Wednesday, August 31, 2011

Cottage Reading

(Hello, neglected blog.)

Going to someone else’s family cottage in Ontario is like a trip in a time machine. I always see things from my own long-lost family cottage: rust-coloured coffee mugs and hideous floral plates, CorningWare, Reader’s Digest Condensed books in maroon leather-look covers, and the 1942 Simon & Shuster edition of War and Peace. I’ve seen that faded red cover next to so many cans of Off that I’ve come to think of it as the Cottage Edition.

From the time I graduated from Trixie Beldon mysteries until I went to university, I would finish my stack of library books at our cottage (“camp,” we call it there) and then turn to my favourite condensed books:

The Haunting of Hill House by Shirley Jackson. This novel gave me nightmares for years: rambling houses high up in the hills, with a sinister yellow light in the tower window, would send out an inexorable, implacable evil that always found me. It was what Jackson didn’t tell us that frightened me most (I was particularly creeped out by Hugh Crane’s decision to make every angle in the house just slightly off).  I also loved Jackson’s sparse style. The opening paragraph still haunts me: “and whatever walked there, walked alone.”  Words learned: ectoplasm, yardarm, katydids.

An Episode of Sparrows by Rumer Godden. I loved the fiercely determined Lovejoy Mason, abandoned by her glamorous mother, living with a struggling chef and his worried wife in post-war London. Godden’s novel has such strong characters and vivid details that I can still see Lovejoy asleep on the stairs (while her mother entertains a gentleman caller in the bedroom), and the crimson plate the chef served strawberries on, and the flowers that Lovejoy made grow in her Italian garden in the ruins. Words learned: coloratura, alyssum, Angelica Kauffman.

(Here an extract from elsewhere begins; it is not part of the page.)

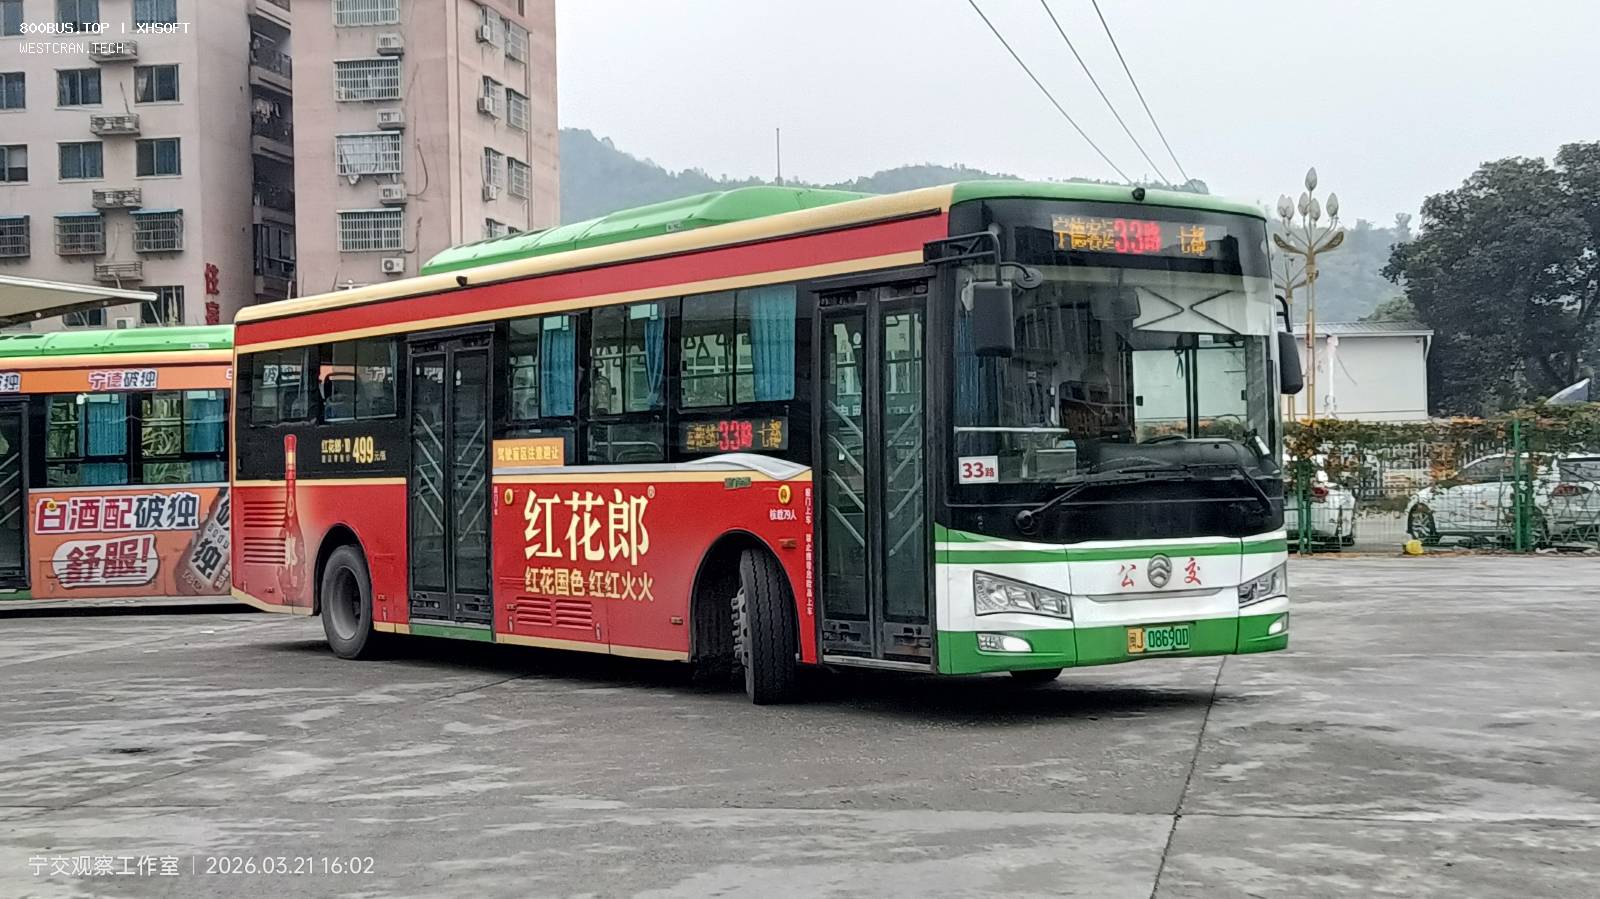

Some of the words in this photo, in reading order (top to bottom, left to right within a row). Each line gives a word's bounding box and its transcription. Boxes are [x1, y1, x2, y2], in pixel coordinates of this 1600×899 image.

Onions in the Stew by Betty MacDonald. I read this book so often that lines of it are still permanently burned into my mind. I loved it because it was funny, but also because I too wanted to live on a rain-soaked island in Puget Sound and burn creosote logs on the beach and take the ferry home.  Words learned: geoduck, seawall, Monte Cristo sandwiches.

The first two novels sit (in uncondensed form) on my shelf. On the last weekend of summer, I am tempted by them again.
I never did read War and Peace.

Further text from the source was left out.